Alors que le sujet n'était au départ qu'une cartouche utilisée par les partis politiques dans leurs petits affrontements, la sévérité et l'imminence de la crise des réfugiés nous est rappellée à la lecture de chaque journal et dans chacun des bulletins d'information diffusé à la télévision.

Lorsque l'on regarde les chiffres qui reflètent une croissance exponentielle du nombre de ceux qui sont considérés comme « des intrus des frontières entre États », on voit bien comment on a pu en arriver à la crise actuelle. Il y a encore quelques mois en arrière, la moyenne de 900 et quelques migrants qui traversait la frontière en un week-end semblait être un chiffre énorme, alors qu'aujourd'hui, alors qu'on avoisine les 2500 migrants, cela semble normal.
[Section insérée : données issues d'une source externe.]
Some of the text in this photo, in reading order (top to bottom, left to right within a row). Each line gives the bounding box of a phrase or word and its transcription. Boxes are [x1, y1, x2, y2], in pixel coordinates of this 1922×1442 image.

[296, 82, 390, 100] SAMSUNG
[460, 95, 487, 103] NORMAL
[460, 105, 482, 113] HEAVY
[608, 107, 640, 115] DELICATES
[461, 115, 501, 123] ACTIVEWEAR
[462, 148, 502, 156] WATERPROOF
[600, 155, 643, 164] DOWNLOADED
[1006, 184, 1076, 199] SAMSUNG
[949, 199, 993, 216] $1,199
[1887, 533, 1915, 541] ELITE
Personne ne sait ce qu'il se passe

Pendant ce temps, l'énorme nombre de demandes d'asiles déposées en Allemagne trahit les espoirs de millions d'autres qui restent à venir. Ces derniers mois, le pays a vu arriver plus de 100 000 demandeurs d'asile. Malgré tout, qu'est-ce que la situation de l'Allemagne a à voir avec celle de la Hongrie ? La réponse se trouve dans la fait, flagrant, que la question des migrants n'est plus un problème auquel l'État-nation doit faire face mais bel et bien un problème européen. En plus de cela, la majorité des nouveaux arrivants ne veut ni s'installer ici, ni y trouver un emploi mais aller plus à l'ouest. Ce qui alimente nos soupçons et notre idée quant à la capacité d'accueillir un mouvement de population d'une telle importance. Il est clair en effet que la Hongrie n'a pas les mêmes ressources que l'Allemagne. Par ailleurs, nous n'avons pas l'expérience d'une crise similaire pour la simple et bonne raison que de tels mouvements de migrants à travers le pays, n'ont jusqu'à présent jamais été connus.

Il est important de noter que la périphérie sud des pays englobés dans l'espace Schengen doivent faire face à une situation encore plus compliquée que les Allemands ou les Autrichiens par exemple. Selon certaines réglementations internationales - bien que les personnes en faveurs de celles-ci soient nombreuses - il n'est pas possible pour la Hongrie d'autoriser la masse de migrants à partir avant qu'ils n'aient tous été enregistrés. Il ne faudrait pas oublier que l'Italie a choisi plus tôt comme stratégie de laisser les migrants traverser le pays.

Les Italiens ont récemment réclamé de plus grandes restrictions sur la frontière entre l'Allemagne et l'Autriche afin de réduire le nombre de personnes qui passent d'un pays à l'autre. Il ne faut surtout pas oublier que, si le règlement Dublin III (concernant la déportation de migrants vers le premier pays de l'espace Schengen dans lequel ils sont entrés, ndlr) entrait en vigueur, tous les migrants initialement enregistrés par les autorités hongroises seraient renvoyés en Hongrie. La possibilité d'un tel dénouement inquiète hautement, surtout compte tenu des chiffres en question.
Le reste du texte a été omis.